Tag Archive | rauch

Brew in a Bag: Bronze Age Fig Beer

I finally brought to life my Bronze Age Fig Beer, inspired by archaeological findings at Kissonerga-Skalia in Cyprus, in a small-batch brew day that had me flying by the seat of my pants from start to finish.

For small batches, I use the “Brew In a Bag” (BIAB) technique described in the October 2012 issue of Brew Your Own magazine, and also online here. The mash is done directly in the kettle with the grist contained in a nylon mesh bag. BIAB is great for the all-grain brewer looking to save time on brew day, because there’s no sparge. Lautering is as easy as lifting a bag of wet grains (which can admittedly be heavy, if like me, the only workout you get regularly is the ol’ 16-ounce curl). It’s also a great way for extract or partial mash brewers on a budget to explore all-grain brewing without expensive new equipment: just a brew kettle and the same mesh bag you may already be steeping grains in.

Most BIAB brews call for all the brewing liquor up front. The result is a very thin mash – 4 qts/lb in my case – but once the saccharification is done, the bag comes out and the wort can be brought to a boil immediately without sparging. Efficiency suffers, but this can be compensated for with a little extra grain. BIAB works for any batch size, provided the kettle is big enough for the grist and full volume of liquor, but I personally keep it to small batches. This batch was 6 quarts.

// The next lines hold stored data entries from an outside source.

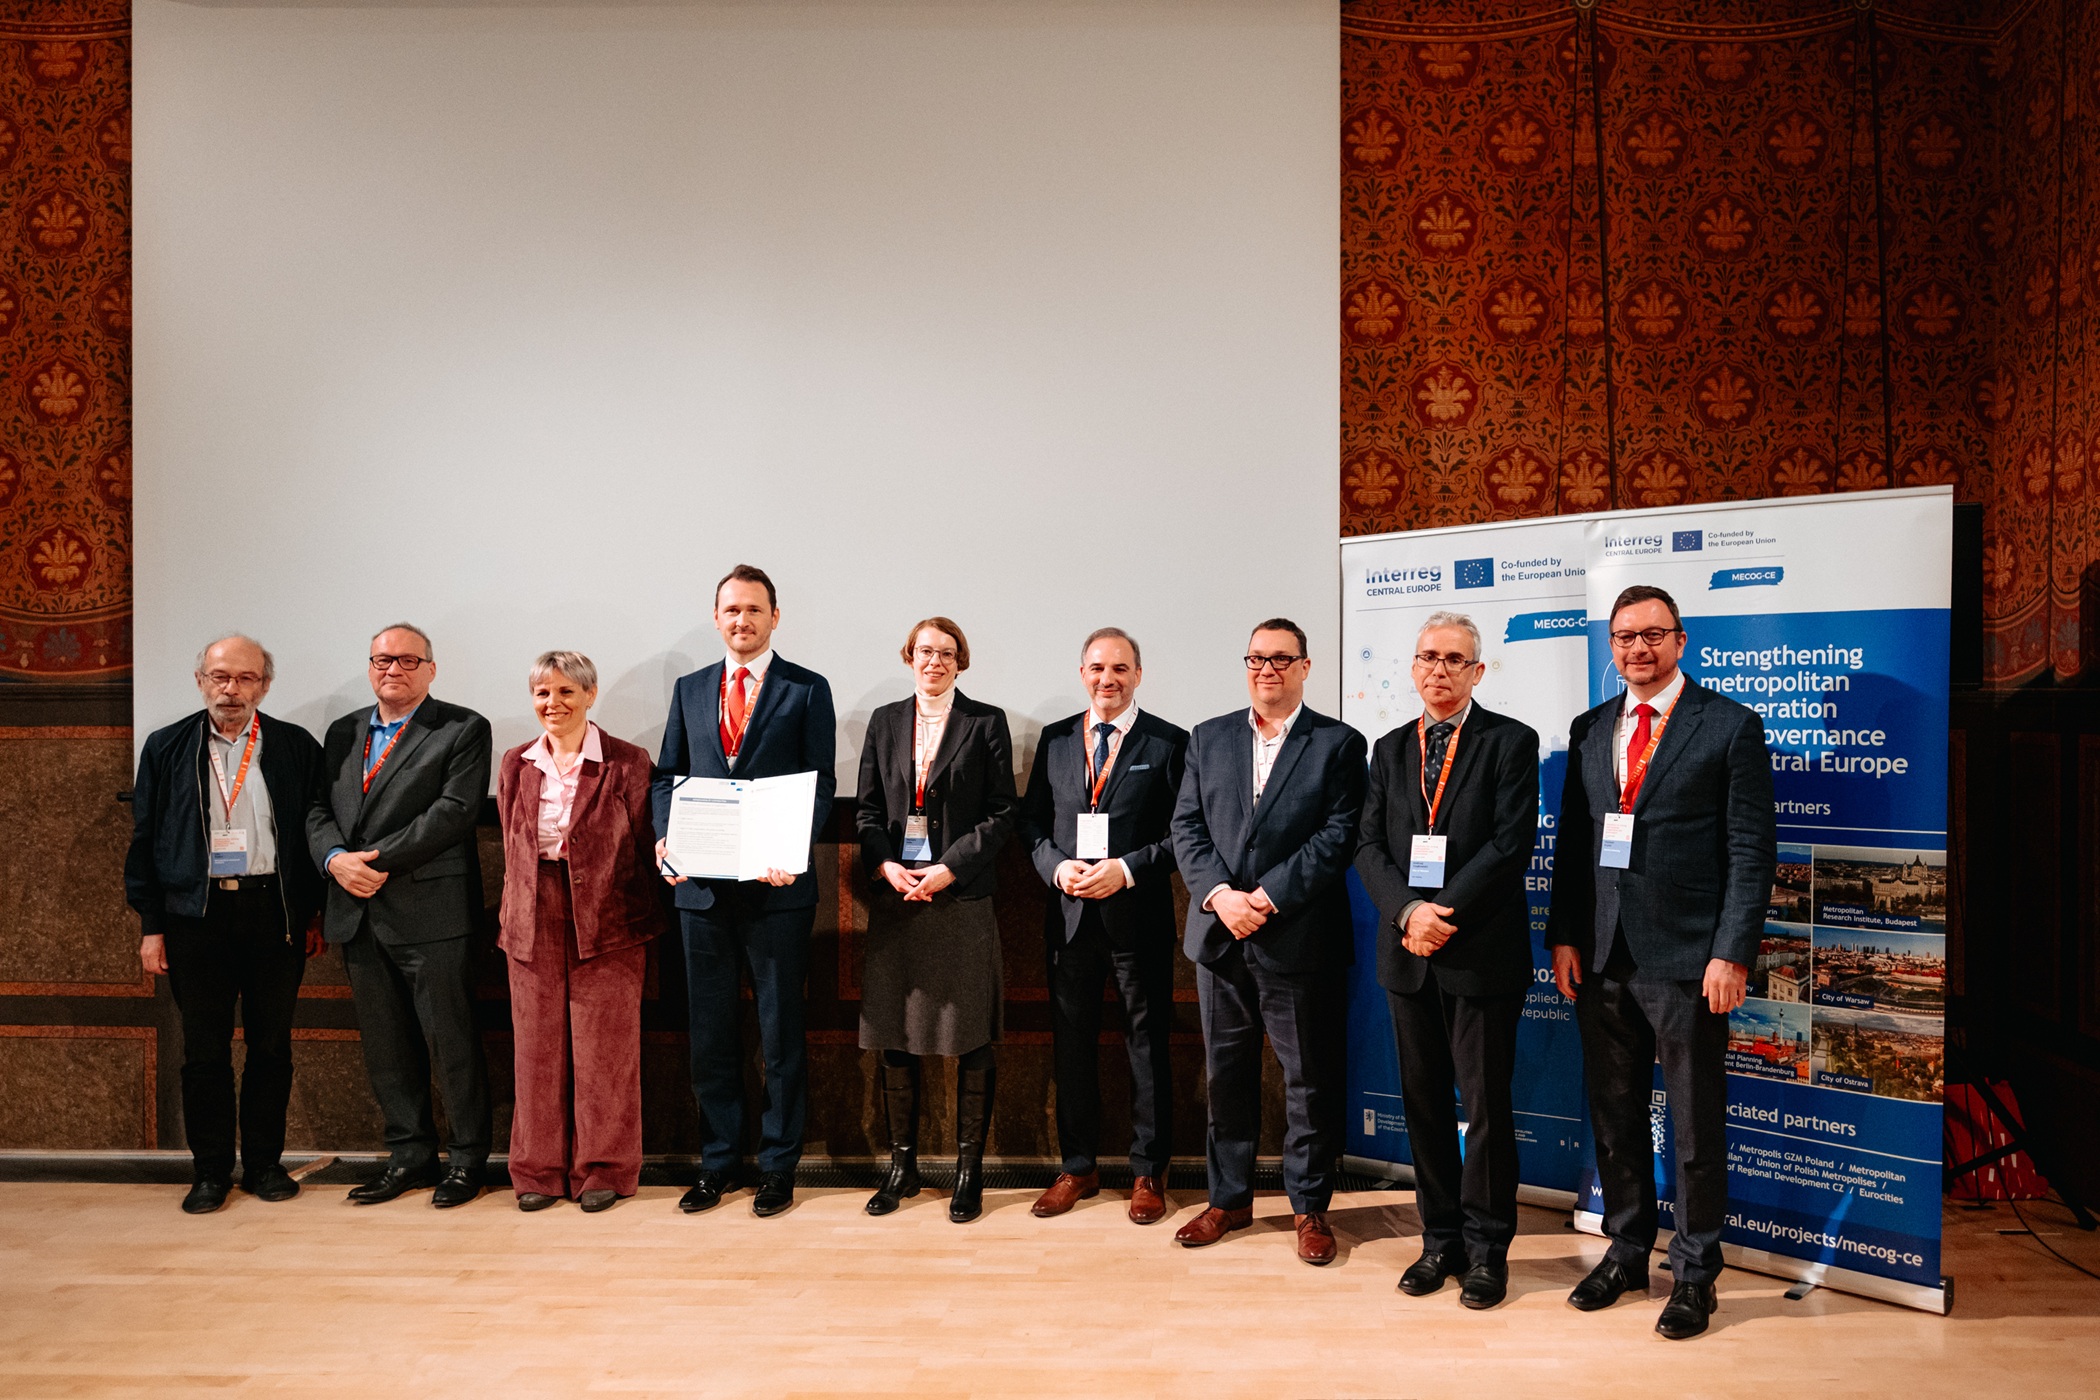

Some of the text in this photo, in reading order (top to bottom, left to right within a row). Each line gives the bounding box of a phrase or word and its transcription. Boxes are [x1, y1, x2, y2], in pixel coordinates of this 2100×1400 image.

[1605, 534, 1663, 548] Interreg
[1708, 530, 1754, 539] Co-funded by
[1720, 539, 1754, 547] European
[1755, 537, 1777, 545] Union
[1605, 549, 1634, 557] CENTRAL
[1501, 557, 1562, 570] Co-funded by
[1366, 565, 1442, 584] Interreg
[1501, 568, 1586, 582] the European Unio
[1732, 571, 1776, 582] MECOG-CE
[1366, 583, 1442, 597] CENTRAL EUROPE
[1700, 644, 1863, 671] Strengthening
[1700, 671, 1850, 697] metropolitan
[1764, 727, 1886, 746] overnance
[1771, 751, 1909, 779] tral Europe
[1774, 799, 1831, 815] artners
[1823, 905, 1864, 915] Metropolitan
[1823, 913, 1918, 927] Research Institute, Budapest
[1822, 993, 1835, 1003] City
[1845, 996, 1870, 1005] Warsaw
[1737, 1054, 1762, 1065] Planning
[1735, 1061, 1795, 1077] Berlin-Brandenburg
[1821, 1074, 1833, 1083] City
[1844, 1077, 1869, 1088] Ostrava
[1784, 1113, 1857, 1137] partners
[1739, 1144, 1782, 1158] Metropolis
[1784, 1152, 1803, 1163] GZM
[1805, 1156, 1834, 1169] Poland
[1849, 1164, 1906, 1182] Metropolitan
[1757, 1158, 1781, 1169] Union
[1783, 1163, 1792, 1171] of
[1795, 1165, 1819, 1177] Polish
[1822, 1171, 1877, 1188] Metropolises
[1727, 1163, 1735, 1171] of
[1737, 1164, 1772, 1179] Regional
[1775, 1172, 1830, 1190] Development
[1832, 1183, 1844, 1193] CZ
[1859, 1188, 1904, 1205] Eurocities

The Bronze Age brewer didn’t have a lot of specialty grains to choose from, so I kept my grain bill simple. The only specialty grain was German rauch malt, included to replicate the smoky flavor of malt kilned in a wood-burning oven in a small Bronze Age structure:

  • 2 lbs 2-row malt
  • 8 oz rauch malt

I mashed in with 10 quarts of water to stabilize the mash at 155 degrees and mashed for an hour, with the kettle wrapped in towels to retain heat. I still had to fire the burner a few times to keep the mash temperature high enough. If you do this, make sure to either take the bag out while the burner is on, or place a plate at the bottom of the kettle to dissipate the direct heat. Nylon mesh bags melt very easily.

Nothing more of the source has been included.